'' Match en mai dernier La campagne «avortement» sans hospitalisation a pour objectif de désossiver l'avortement pharmacologique, de le mettre au conseil ou à la polyculatoire, garantie
Aux femmes la possibilité de prendre le deuxième médicament, le misoprostol, à la maison. La déospectalisation garantit le droit de choix des femmes et permet de limiter les coûts, en évitant le gaspillage de ressources précieuses. Bien qu'en Italie, cela soit possible depuis 2020, grâce à la mise à jour des directives ministérielles, cette possibilité n'est vraiment garantie que dans deux régions, Lazio et Emilia-Romagna.
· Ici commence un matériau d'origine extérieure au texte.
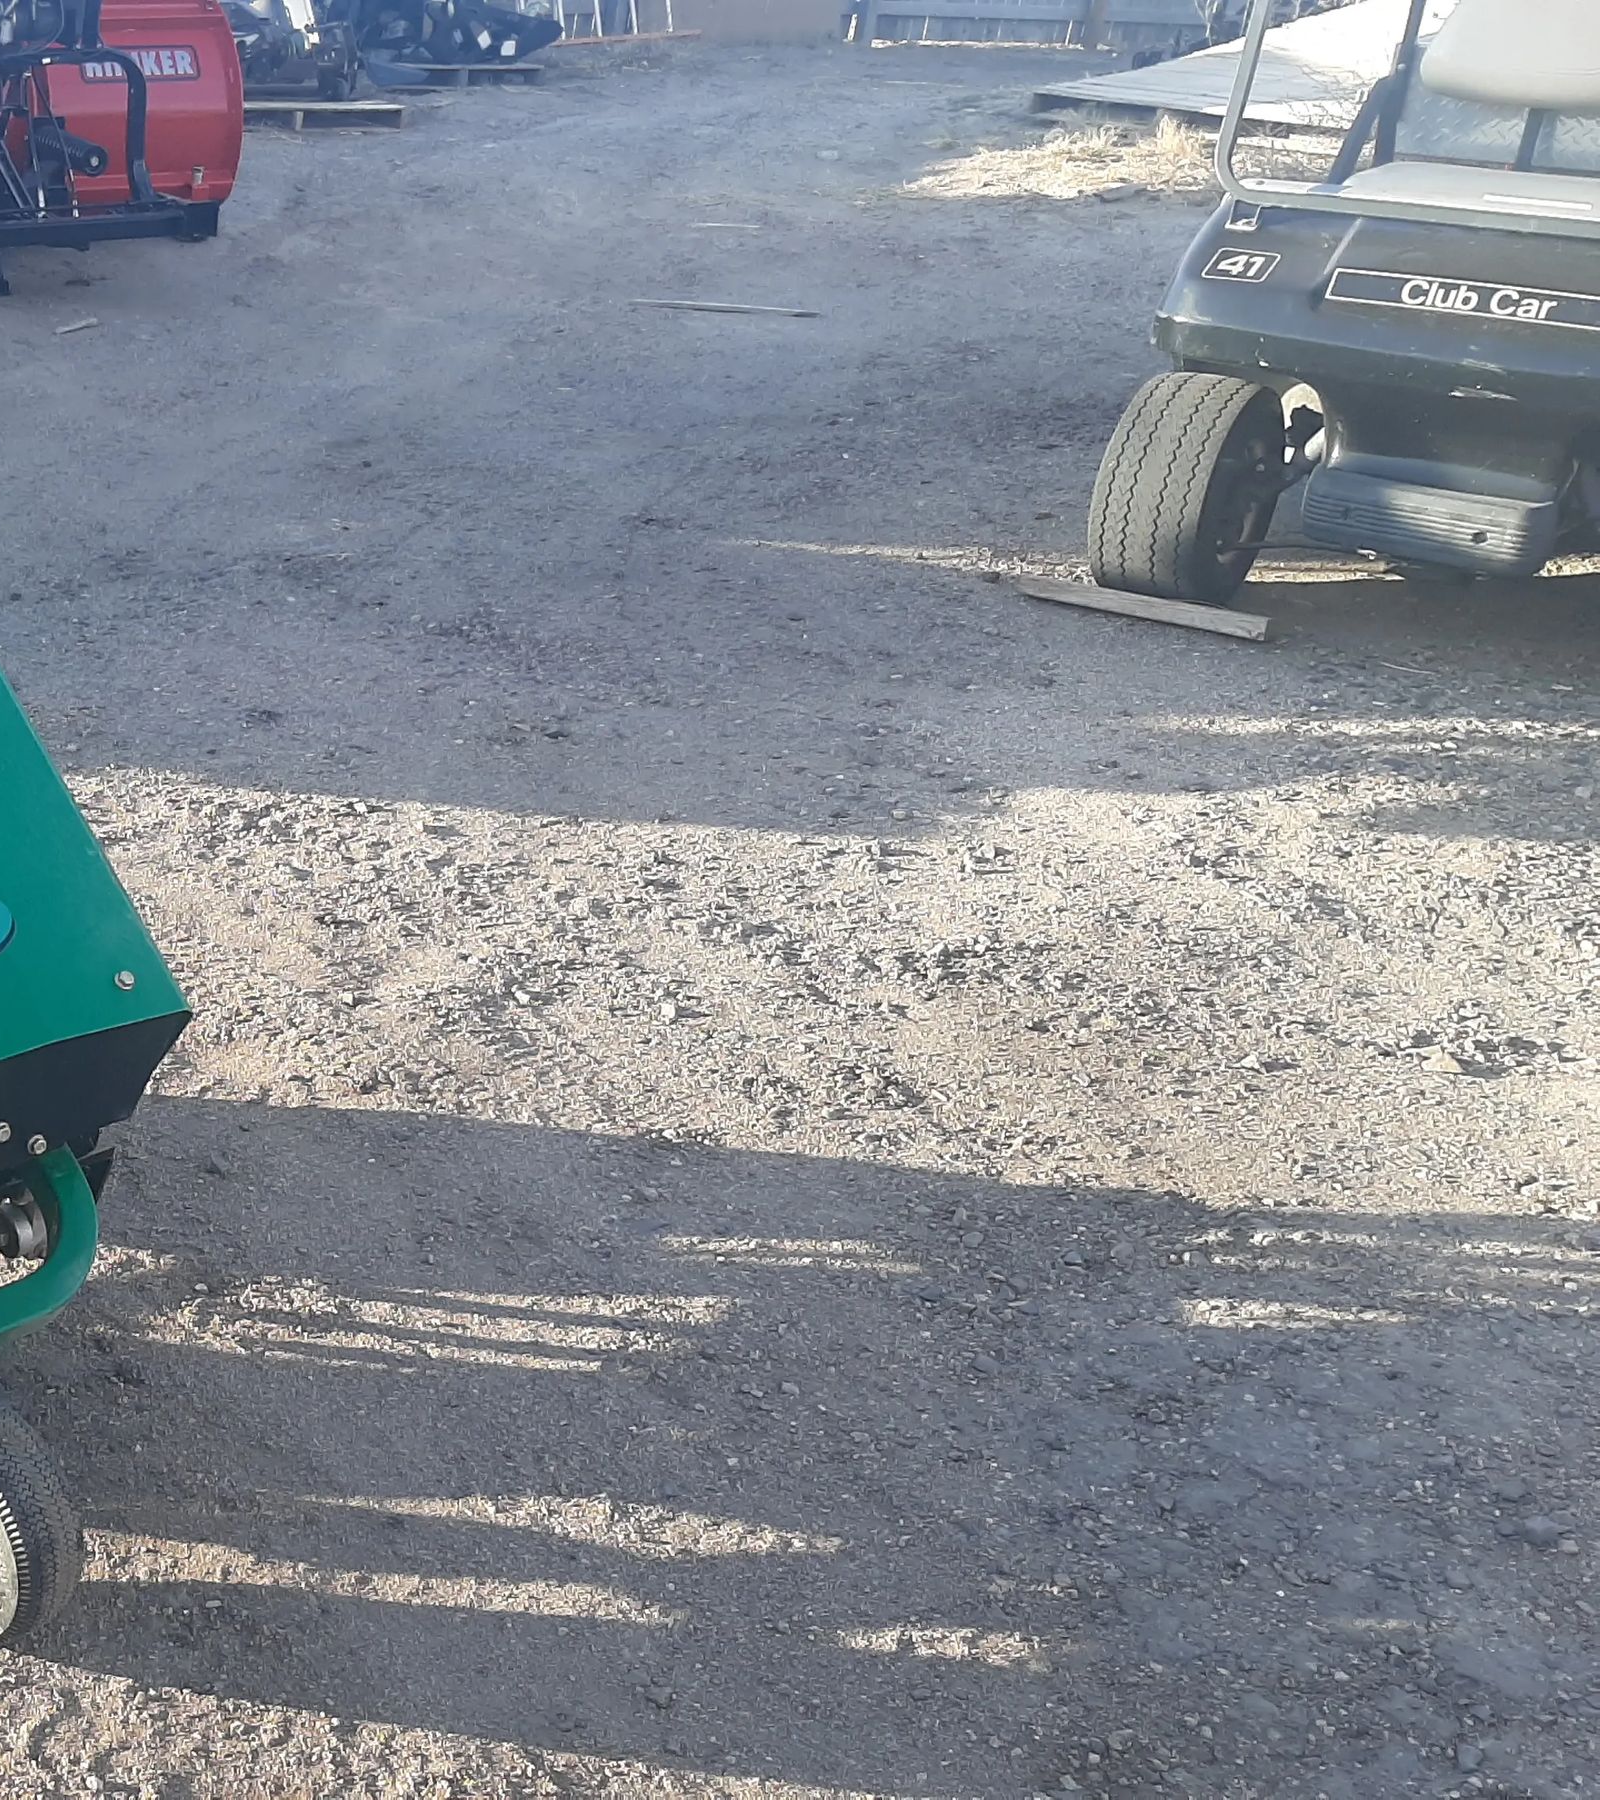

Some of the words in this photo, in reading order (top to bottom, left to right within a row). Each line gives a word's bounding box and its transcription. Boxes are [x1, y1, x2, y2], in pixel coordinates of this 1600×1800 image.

[1216, 253, 1267, 279] 41
[1400, 279, 1479, 311] Club
[1488, 289, 1559, 320] Car
L'hostilité à l'égard de l'avortement pharmacologique et de sa déospecttisation est purement idéologique et viole un principe fondamental des politiques de santé publique: celle de la pertinence de la performance « . Cela a été souligné par l'Association Luca Coscioni.
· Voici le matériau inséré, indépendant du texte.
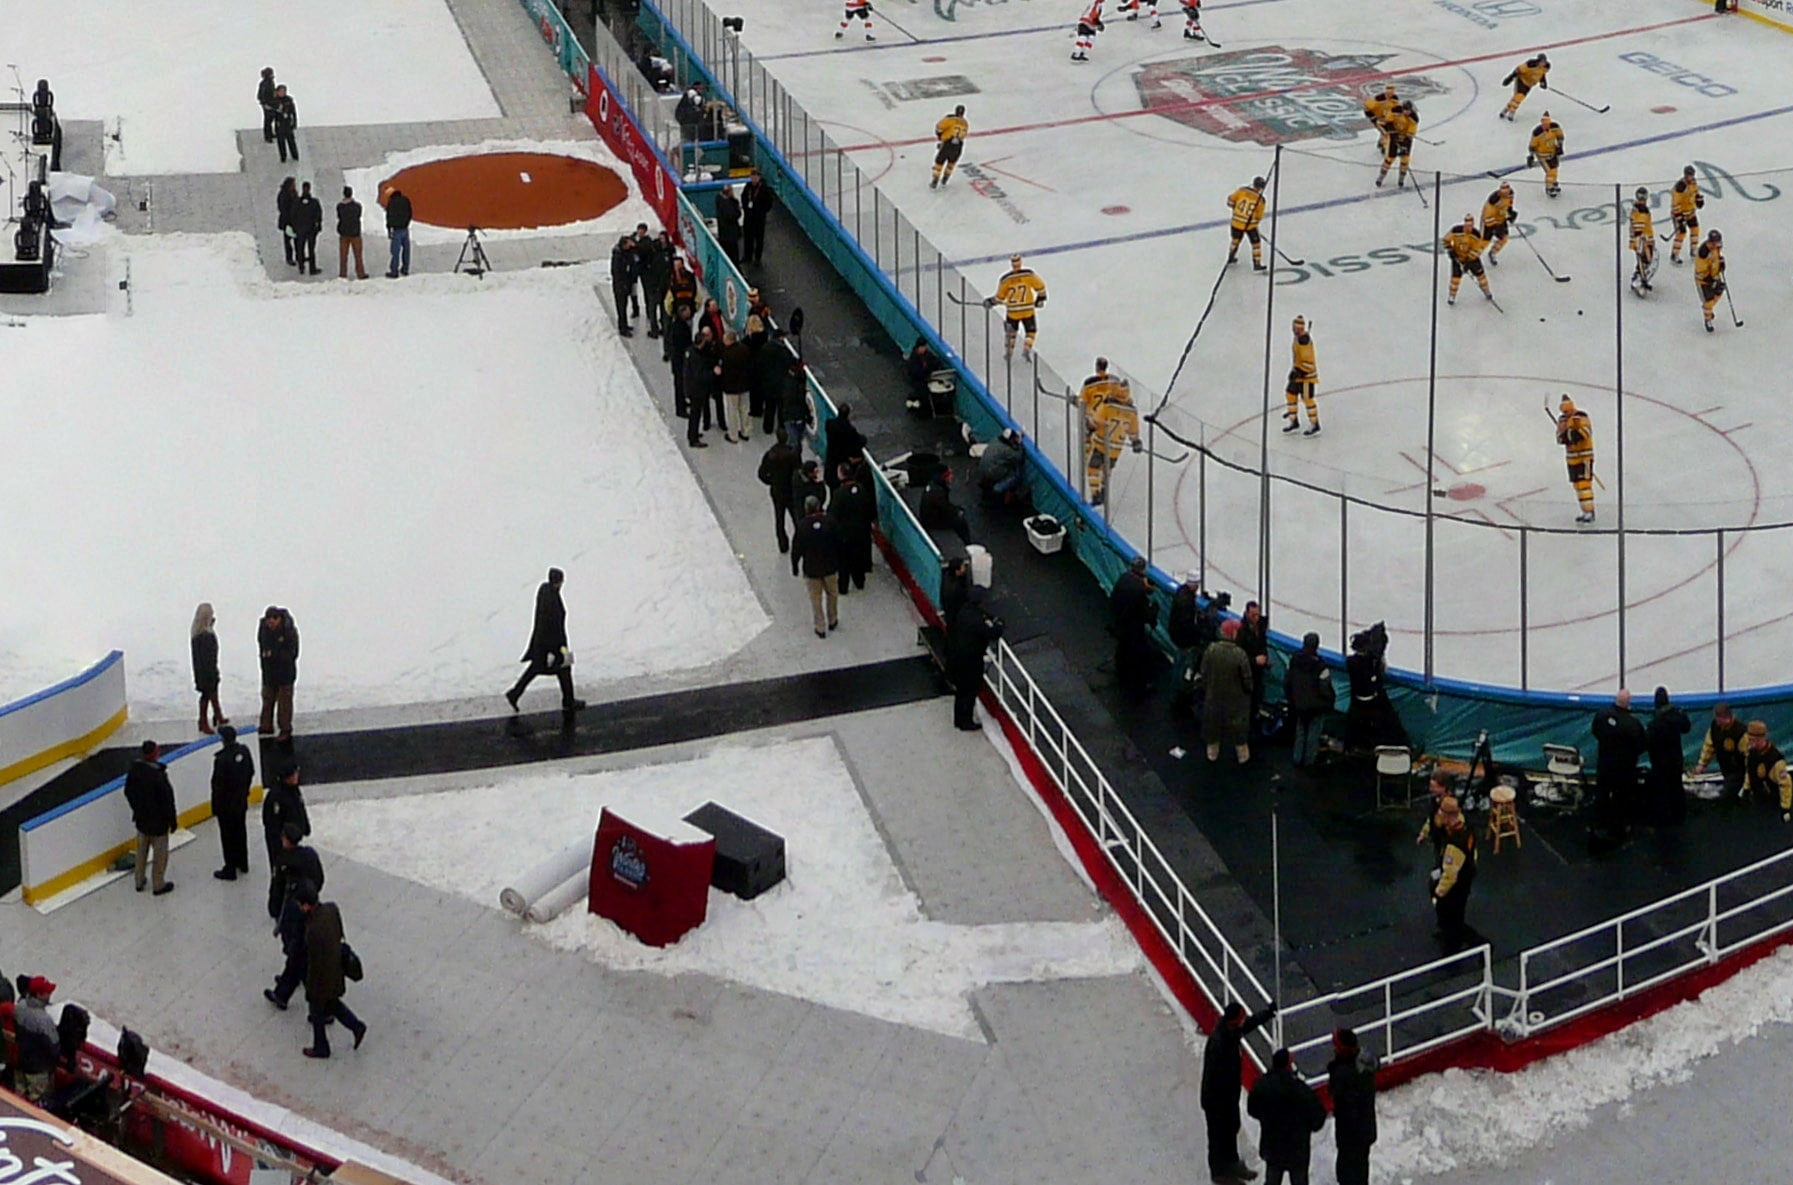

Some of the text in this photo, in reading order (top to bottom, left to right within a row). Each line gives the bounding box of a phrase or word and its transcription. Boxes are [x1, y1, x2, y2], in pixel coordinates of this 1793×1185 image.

[1440, 0, 1497, 30] HONDA
[1618, 49, 1739, 99] GEICO
[1006, 284, 1027, 305] 27
''Avortement pharmacologique Il est sûr et efficace – ajoute-t-il – l'hospitalisation n'augmente pas sa sécurité, mais elle multiplie les coûts: si en Lazio, le remboursement de la procédure ambulatoire est d'environ 75 euros (coût des médicaments), le remboursement prévu par la région de la vénétito pour l'avortement pharmacologique à l'hôpital est de 205 euros avec un accès, c'est-à-dire de 410 à 6 015 euros. La campagne s'est jointe: International House of Women, un cent mille, la crise comme opportunité, le statut social et les droits de la région de CGIL, la coordination nationale égalise les chances UIL, UAR, AIED, Association italienne pour l'éducation démographique, les médecins dans le monde et les médecins sans frontières. La campagne nationale demande à garantir, pour toutes les femmes et dans toutes les régions, l'avortement pharmacologique dans le conseil ou le polyculatoire, avec la possibilité de prendre le médicament à domicile. L'accès à l'interruption volontaire de la grossesse ne peut pas dépendre du lieu de résidence ''.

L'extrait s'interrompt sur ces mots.